Elaboration de diagnostics territoriaux pour tous les gouvernorats à faibles
tissus productifs;

Conférer des prérogatives aux acteurs locaux dans l’élaboration de plans
régionaux pour l’emploi et la formation;

Elaboration d’enquêtes annuelles au niveau des gouvernorats en vue de recenser
les besoins en main d’oeuvre des secteurs productifs ;

Harmoniser la promotion des microentreprises avec la stratégie d’émergence
industrielle des gouvernorats ciblés.

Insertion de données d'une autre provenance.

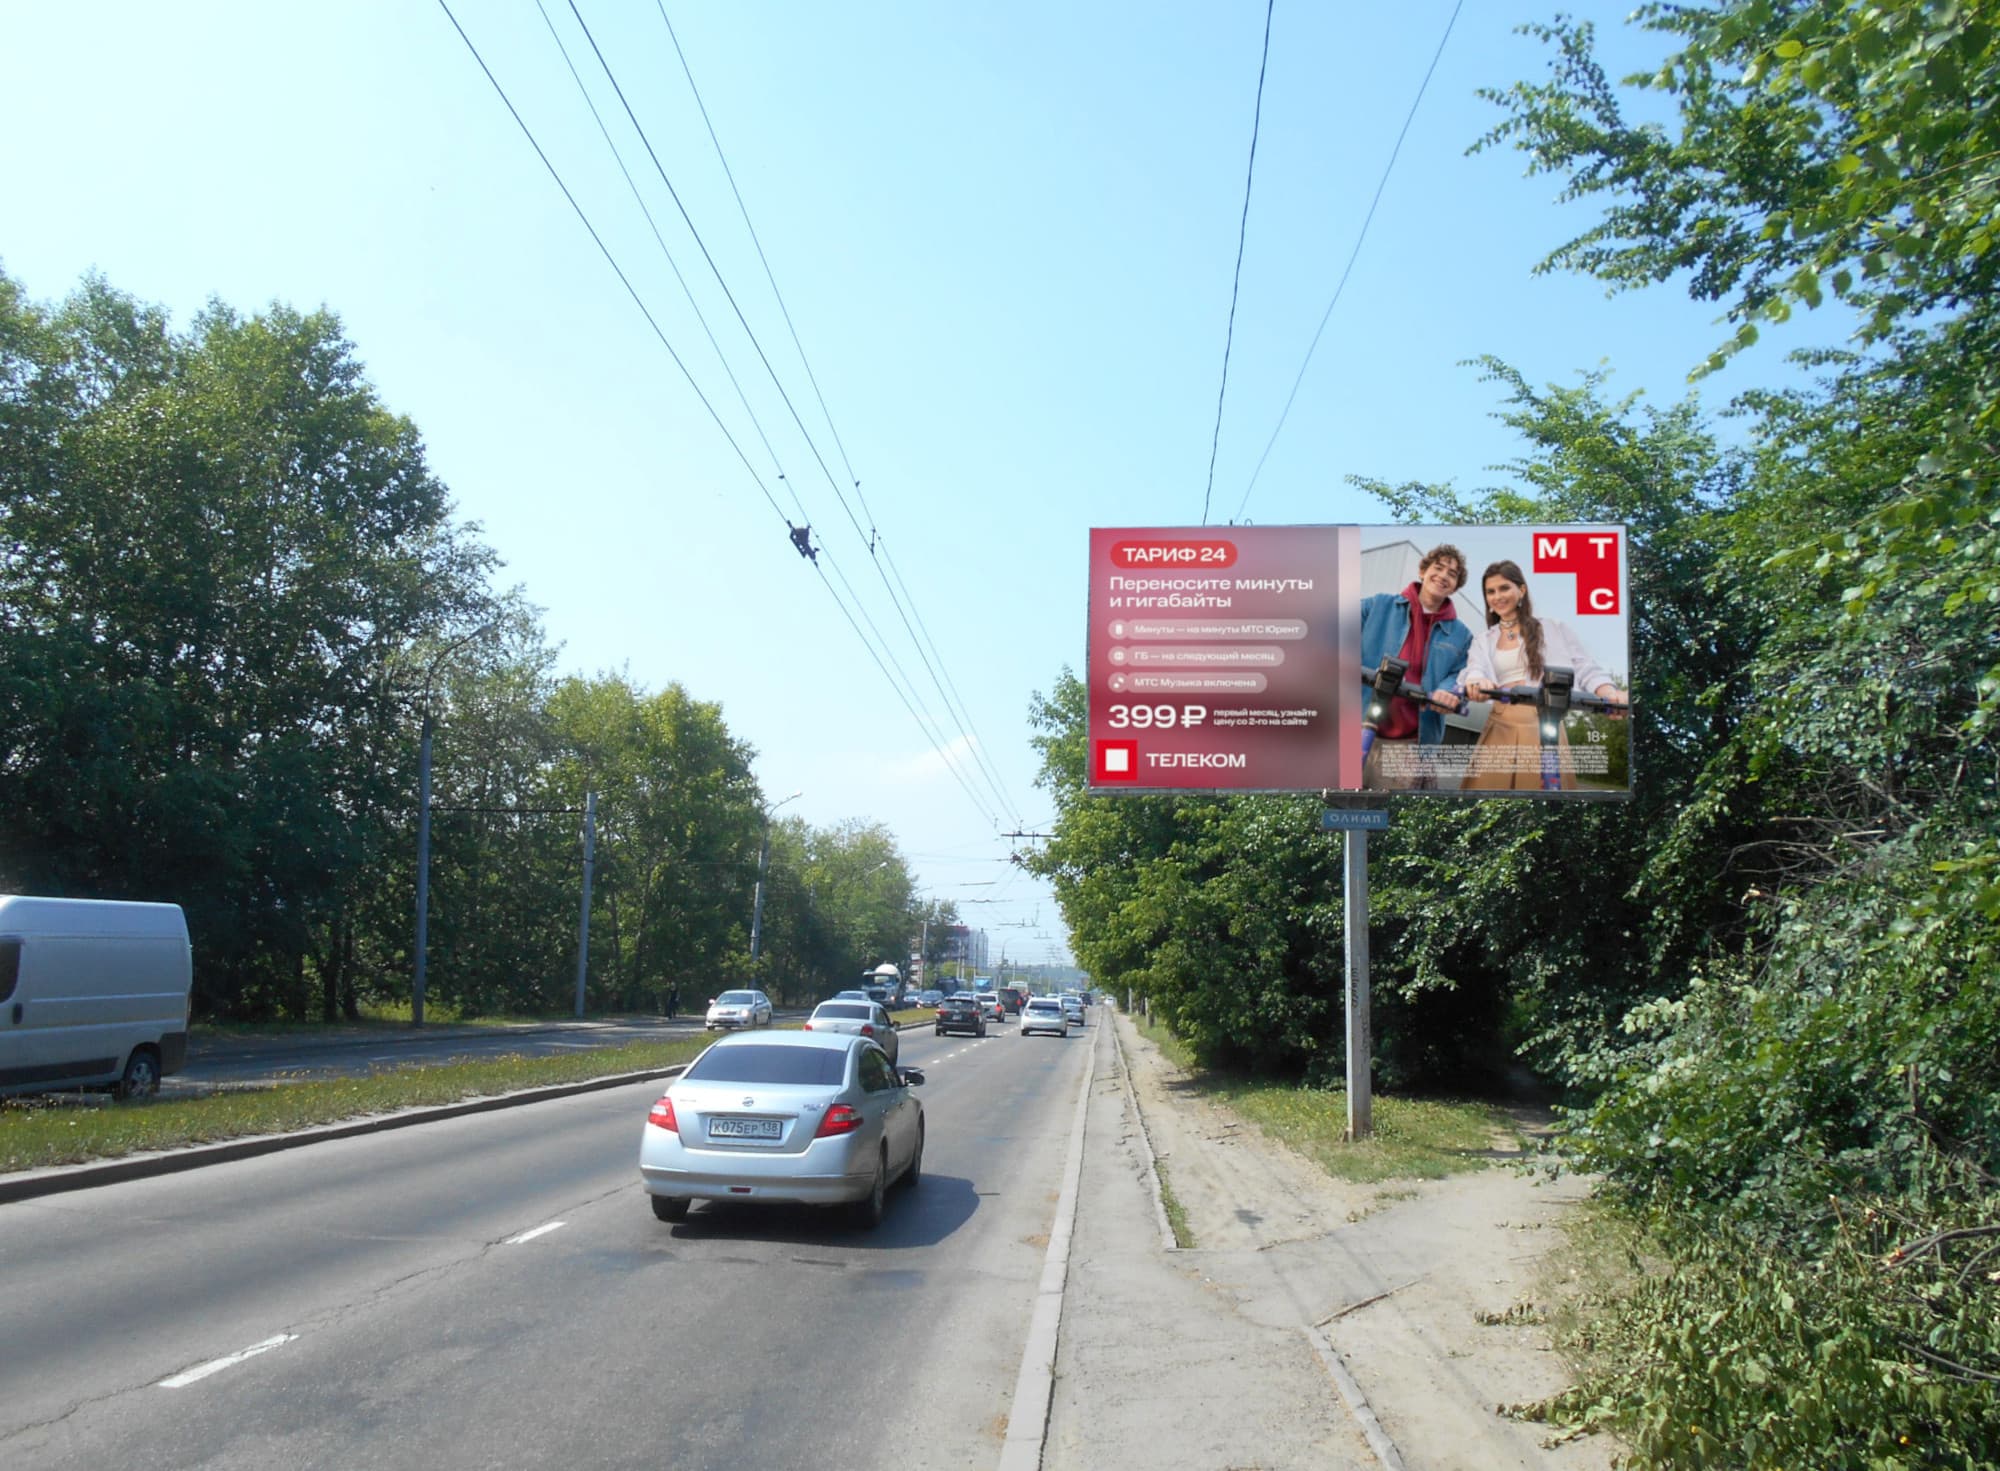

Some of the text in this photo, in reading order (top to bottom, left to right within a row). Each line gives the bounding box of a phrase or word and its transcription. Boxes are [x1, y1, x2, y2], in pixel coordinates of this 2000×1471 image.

[1123, 547, 1226, 562] ТАРИФ 24
[1110, 577, 1313, 593] Переносите минуты
[1110, 594, 1232, 608] и гигабайты
[1241, 625, 1264, 634] МТС
[1134, 679, 1159, 687] МТС
[1108, 705, 1176, 729] 399
[1587, 731, 1608, 742] 18+
[1146, 753, 1246, 768] ТЕЛЕКОМ

Un plan d’action annuel sera élaboré dans
le cadre d’une approche participative impliquant les principaux acteurs
intervenants (Institutions de micro finance (IMF), CDC-Emergence, Pôle de
compétitivité, Véhicules d’investissements régionaux, secteur privé…)

B/ Des propositions en aval des tissus productifs locaux: La mise en place d’un
socle de protection sociale minimum en faveur des populations vulnérables
travaillant dans le secteur informel

Un socle de protection sociale (sécurité de revenus et accès aux soins) dans les
gouvernorats à faibles tissus productifs dominé par les microentreprises,
permettra à bien de travailleurs et de gens d’entrer dans le secteur formel de
l’économie, d’améliorer leurs niveaux de compétence et relever le niveau de la
productivité.

Un socle de protection sociale ramènera à la baisse le coût d’opportunité du
secteur formel pour les salariés dans les microentreprises ce qui permettra à
ces dernières d’intégrer plus facilement le secteur formel et réussir leur
transition d’activités de subsistance à faible rendement à d’autres activités à
rendement plus élevé.

Création d’un fonds pour le développement des microentreprises dans les
gouvernorats à faibles tissus productifs

CDC-Emergence créera un fonds destiné à financer des prêts à taux zéro accordés
à un gestionnaire local de prêts (IMF). Ce dispositif vise à limiter la
sinistralité des microentreprises grâce à un accompagnement renforcé.